Why Does my Child have So Many Diagnoses?

The problem of multiple psychiatric diagnoses is well known and of concern within the psychiatric community. Co-morbidity among disorders occurs at much higher rates than would be expected by chance. Therefore, it is a sign that the boundaries of the diagnoses are improperly defined.

In medicine, diagnoses benefit from validation.  This means that the boundaries of the condition are defined in a way that proves it is unique and separate from other conditions. Often this is the result of identifying a biomarker that, when present, means it must be this condition rather than that condition. Certainly there are medical conditions for which an accurate diagnosis is not yet known and therefore, assignment of the wrong diagnosis or no diagnosis is possible. But the preponderance of diagnoses that are made, are made with the confidence that comes from an evidence-based knowledge of the physiology associated with the condition.

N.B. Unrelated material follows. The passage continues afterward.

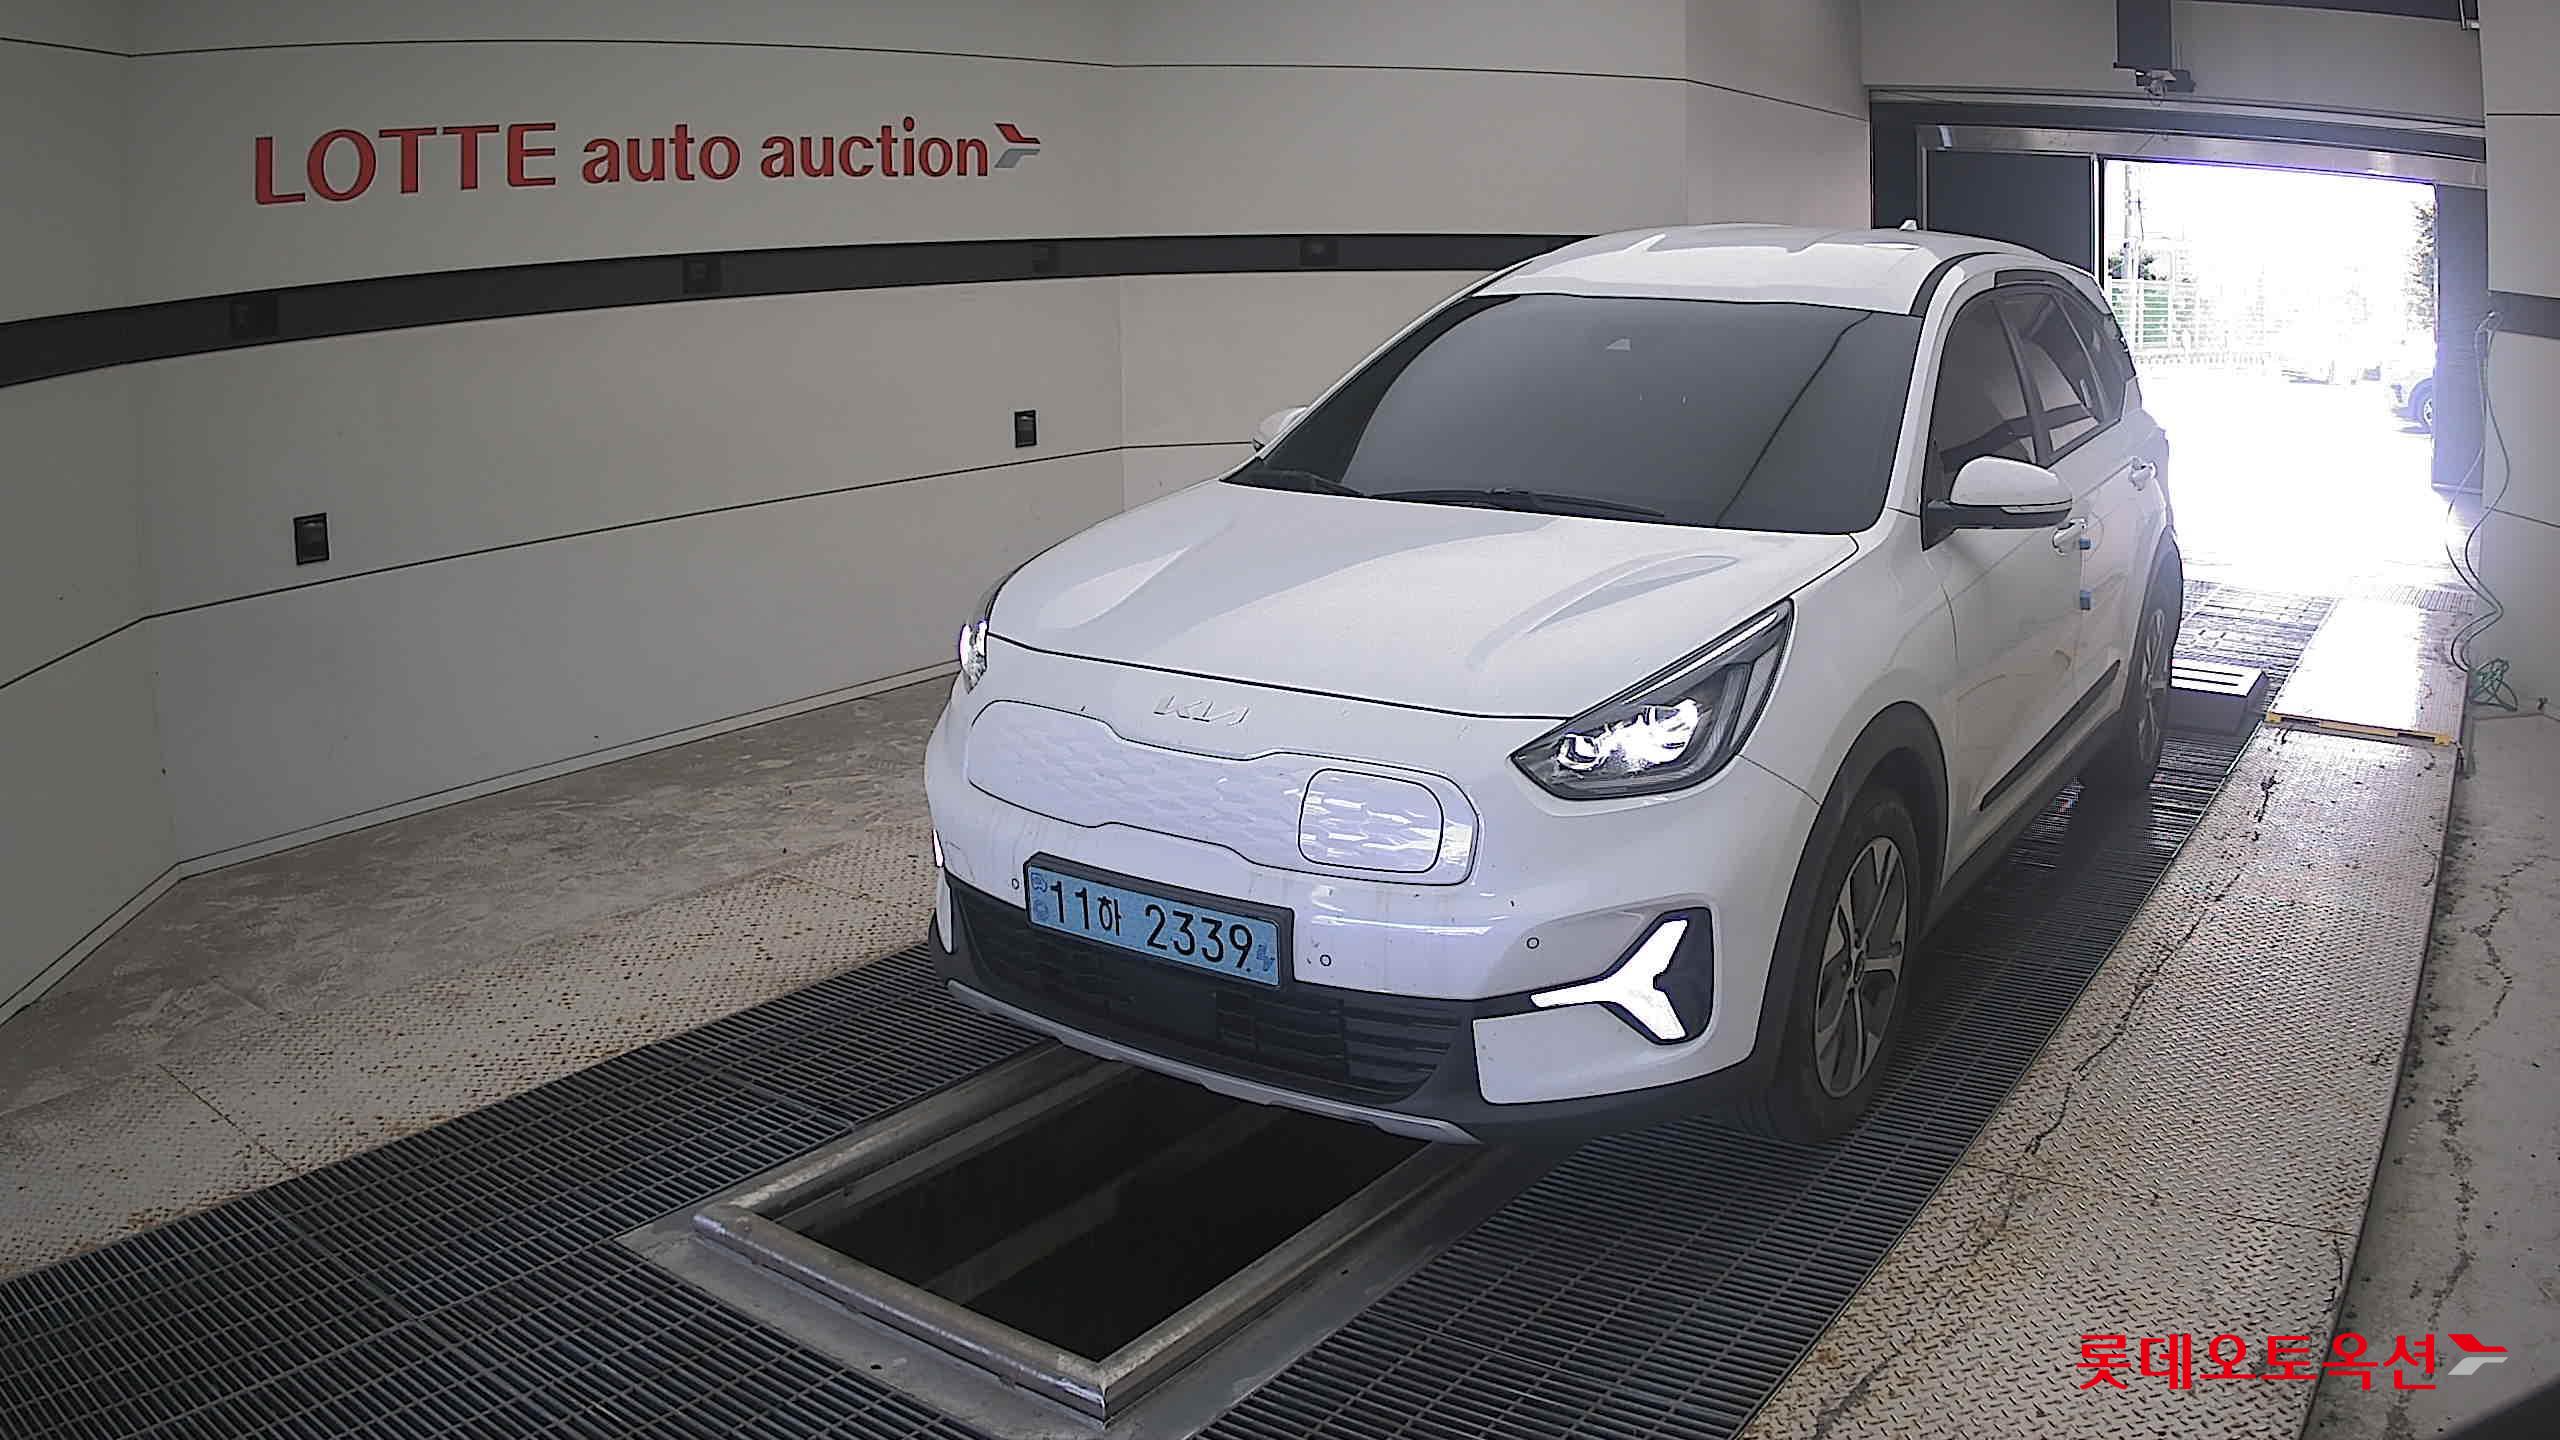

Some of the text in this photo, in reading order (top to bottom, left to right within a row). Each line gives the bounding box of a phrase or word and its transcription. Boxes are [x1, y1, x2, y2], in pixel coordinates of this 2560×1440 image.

[254, 116, 989, 207] LOTTE auto auction
[1049, 879, 1254, 970] 11하 2339

In contrast, only one or two of the psychiatric disorders have been validated.  At this point in time, the rest are all still conceptual. The fact that co-morbidity is more the rule than the exception, or that a diagnosis given today by one clinician could be changed to something else tomorrow by another clinician, would seem to be proof that the boundaries of the different disorders remain quite unclear.

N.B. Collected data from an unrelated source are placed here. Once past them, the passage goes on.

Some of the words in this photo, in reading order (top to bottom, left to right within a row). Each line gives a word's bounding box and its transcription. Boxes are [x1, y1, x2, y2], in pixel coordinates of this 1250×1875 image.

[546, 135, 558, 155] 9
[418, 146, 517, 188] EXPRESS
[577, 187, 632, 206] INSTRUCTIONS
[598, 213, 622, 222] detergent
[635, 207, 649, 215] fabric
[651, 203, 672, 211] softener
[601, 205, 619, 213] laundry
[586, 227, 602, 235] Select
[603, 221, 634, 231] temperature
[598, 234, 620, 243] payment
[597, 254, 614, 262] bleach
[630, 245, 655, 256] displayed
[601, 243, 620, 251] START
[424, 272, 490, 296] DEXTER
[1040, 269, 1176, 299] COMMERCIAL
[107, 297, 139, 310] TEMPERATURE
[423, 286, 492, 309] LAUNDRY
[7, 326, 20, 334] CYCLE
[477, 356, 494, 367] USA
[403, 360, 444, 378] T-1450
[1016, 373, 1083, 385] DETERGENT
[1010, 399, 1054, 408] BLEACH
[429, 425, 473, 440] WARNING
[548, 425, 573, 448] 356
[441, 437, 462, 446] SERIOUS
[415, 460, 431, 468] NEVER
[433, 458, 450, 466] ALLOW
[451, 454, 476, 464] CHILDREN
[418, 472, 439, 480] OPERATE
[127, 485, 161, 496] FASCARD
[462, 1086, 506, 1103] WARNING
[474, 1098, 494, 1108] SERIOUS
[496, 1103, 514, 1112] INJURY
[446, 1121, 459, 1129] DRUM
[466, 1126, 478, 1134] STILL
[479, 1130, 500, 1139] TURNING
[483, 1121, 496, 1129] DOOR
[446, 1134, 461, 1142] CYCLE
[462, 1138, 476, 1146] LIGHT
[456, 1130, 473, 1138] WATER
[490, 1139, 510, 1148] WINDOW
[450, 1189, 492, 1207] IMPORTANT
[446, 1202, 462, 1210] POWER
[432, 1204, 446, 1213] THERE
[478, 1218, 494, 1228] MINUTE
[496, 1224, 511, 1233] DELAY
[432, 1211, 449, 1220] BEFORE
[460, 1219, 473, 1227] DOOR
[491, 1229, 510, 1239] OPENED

Further, the frequency of co-morbidity between certain disorders is greater than it is between other disorders. This “bundling” may indicate a commonality between the disorders that is not adequately interpreted under the current classification system.

Research pursued by investigator of the JBRF Research Consortium indicates that many of the symptoms of disorders considered co-morbid to bipolar disorder (mania, major depression, separation anxiety disorder, obsessive-compulsive disorder, oppositional defiant disorder, conduct disorder and attention deficit disorder) may actually belong under the umbrella of a single disorder which they call Fear of Harm (FOH). To put that backwards, symptoms of a single disorder have been cleaved apart into separate diagnoses.  The fact that those symptoms assert their unification through co-morbidity suggests that they are not really separate at all: an assertion supported by the observation that when children described by FOH are treated with intranasal ketamine, the entire group of symptoms goes away and, when the ketamine wears off, the entire set of symptoms return.

If it is true that the boundaries placed between conditions are wrong, the risks are twofold: treatment may never appropriately target the single illness that actually exists and treatments selected to target one of the earlier emerging group of symptoms may be contraindicated for the symptoms that will emerge later.

Only when brain disorders become validated will the high rates of co-morbidity end.